1. Revision of MFA Standards in Maturity Level One: Initially, Maturity Level One did not specify the types of authentication factors for MFA, leading to the use of weaker forms like biometrics, security questions, or 'Trusted Signals.' These forms are not recognized as valid by standards. A new standard has been introduced at this level, requiring MFA to include 'something users have' and 'something users know,' thus enhancing security.
2. Enforcement of MFA for Sensitive Customer Data Web Portals: Organizations must now enforce MFA for web portals storing sensitive customer data, such as personal, health, or identity-related information. This change, affecting Maturity Level One through Maturity Level Three, addresses ongoing attacks on password-only systems. It amends previous requirements that allowed customers to opt out of MFA in favor of weaker password authentication.
3. Adoption of Phishing-Resistant MFA Options: The option for phishing-resistant MFA is now provided for customers at lower maturity levels, while its use is mandatory at higher maturity levels.

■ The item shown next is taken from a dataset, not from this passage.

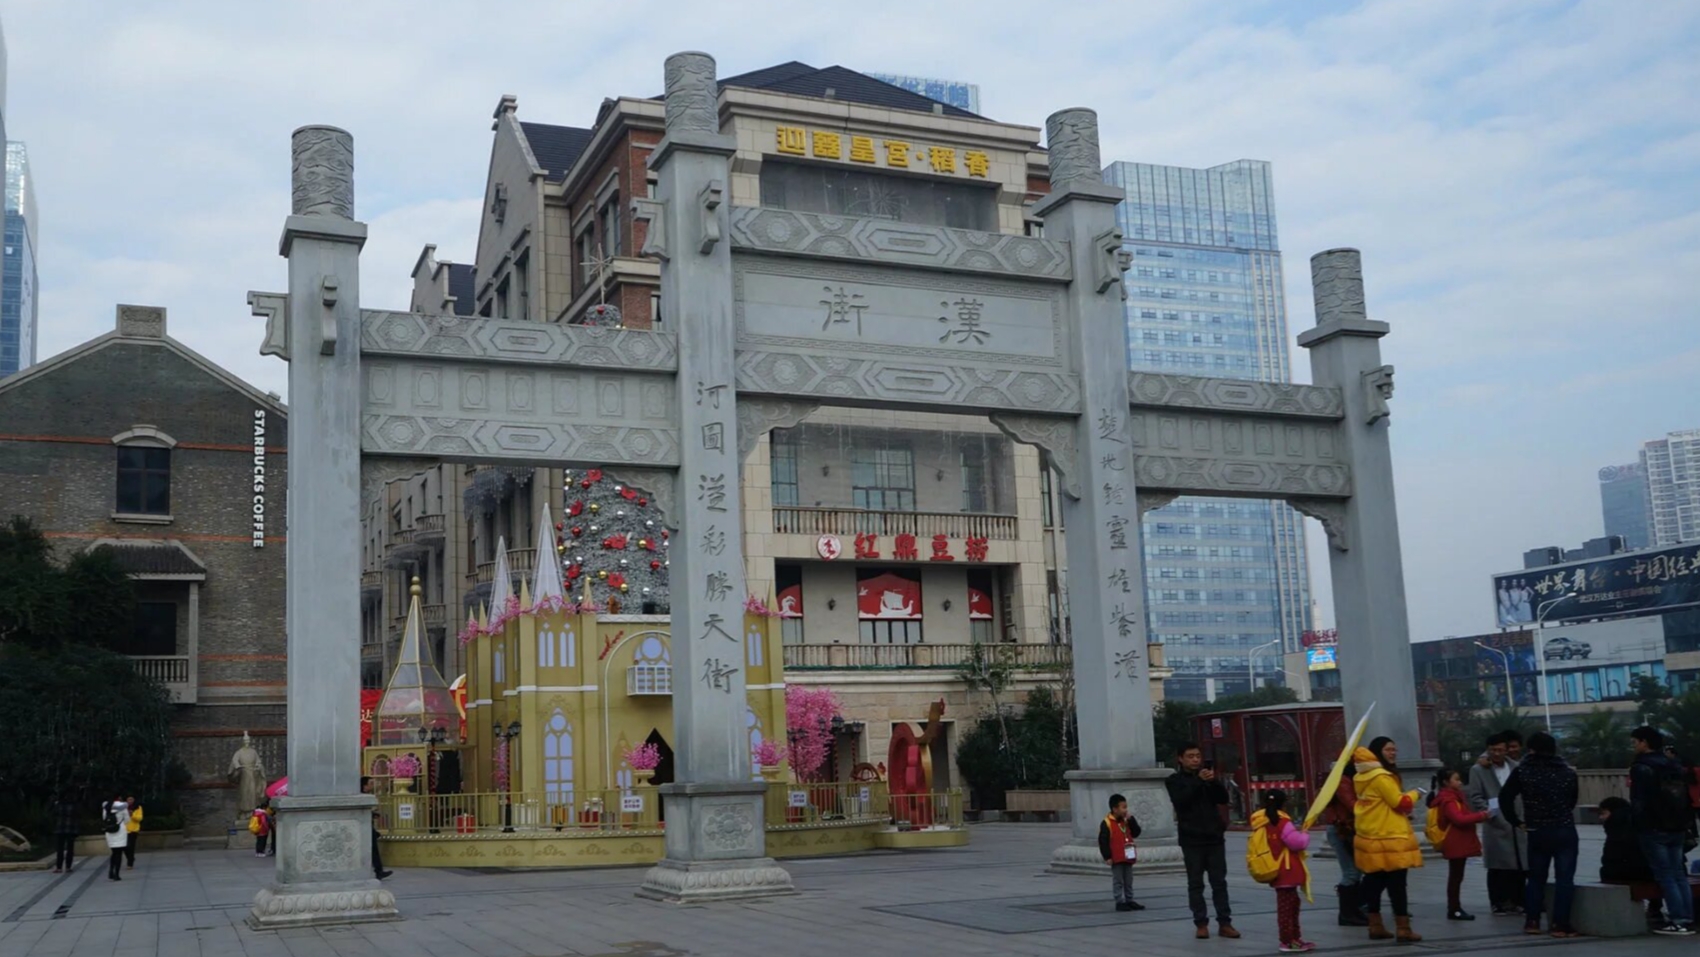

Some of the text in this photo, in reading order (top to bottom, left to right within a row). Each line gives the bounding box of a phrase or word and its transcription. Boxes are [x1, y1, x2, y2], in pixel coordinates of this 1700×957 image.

[252, 409, 265, 547] STARBUCKS COFFEE
[854, 531, 988, 562] 红鼎豆捞

This approach is a response to the rise in attacks against weaker MFA implementations and aims to enhance security across all maturity levels.
4. Increased Emphasis on Phishing-Resistant MFA in Maturity Level Two: Maturity Level Two now requires the adoption of phishing-resistant MFA, in line with international standards like FIDO2/WebAuthn. This change addresses the vulnerability of weaker MFA methods to real-time phishing and social engineering attacks.
5. Requirement for Phishing-Resistant MFA for Workstation Authentication: At Maturity Levels Two and Three, there is a new requirement for users to authenticate to their workstations using phishing-resistant MFA methods, such as smart cards, security keys, or Windows Hello for Business. This change aims to further bolster cybersecurity measures in the workplace.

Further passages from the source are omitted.